DNA Repair: Translation to the Clinic.

It has been well established that an accumulation of mutations in DNA, whether caused by external sources (e.g. ultraviolet light, radioactivity) or internal sources (e.g. metabolic by-products, such as reactive oxygen species), has the potential to cause a cell to undergo carcinogenesis and increase the risk for the development of cancer. Therefore, it is critically important for a cell to have the capacity to properly respond to and repair DNA damage as it occurs. The DNA damage response (DDR) describes a collection of DNA repair pathways that aid in the protection of genomic integrity by detecting myriad types of DNA damage and initiating the correct DNA repair pathway.
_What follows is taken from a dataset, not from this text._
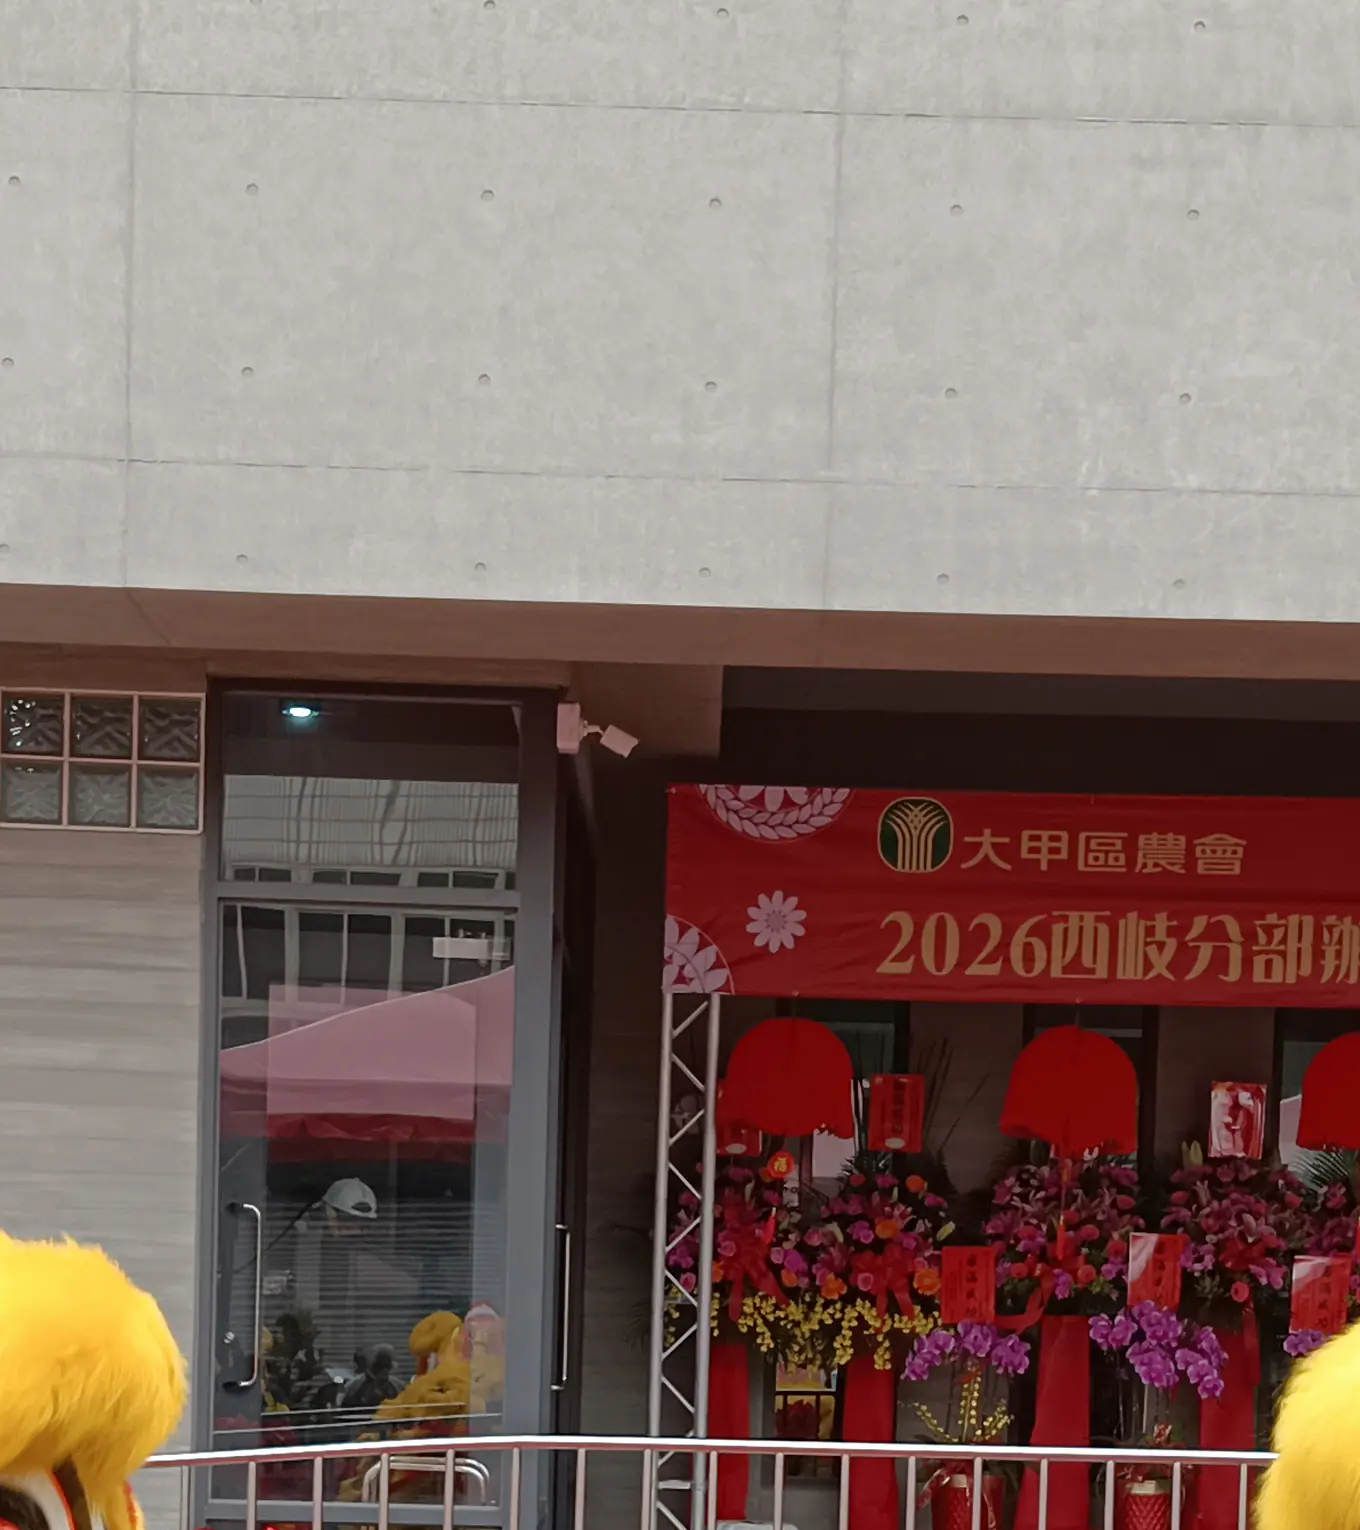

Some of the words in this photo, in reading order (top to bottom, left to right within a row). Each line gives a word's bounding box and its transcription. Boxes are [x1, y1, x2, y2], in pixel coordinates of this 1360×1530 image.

In many instances, a deficiency in the DDR, whether inherited or spontaneously assumed, can increase the risk of carcinogenesis and ultimately tumorigenesis through the accumulation of mutations that fail to be properly repaired. Interestingly, although disruption of the DDR can lead to the initial genomic instability that can ultimately cause carcinogenesis, the DDR has also proven to be an invaluable target for anticancer drugs and therapies. Making matters more complicated, the DDR is also involved in the resistance to first-line cancer therapy. In this review, we will consider therapies already in use in the clinic and ongoing research into other avenues of treatment that target DNA repair pathways in cancer.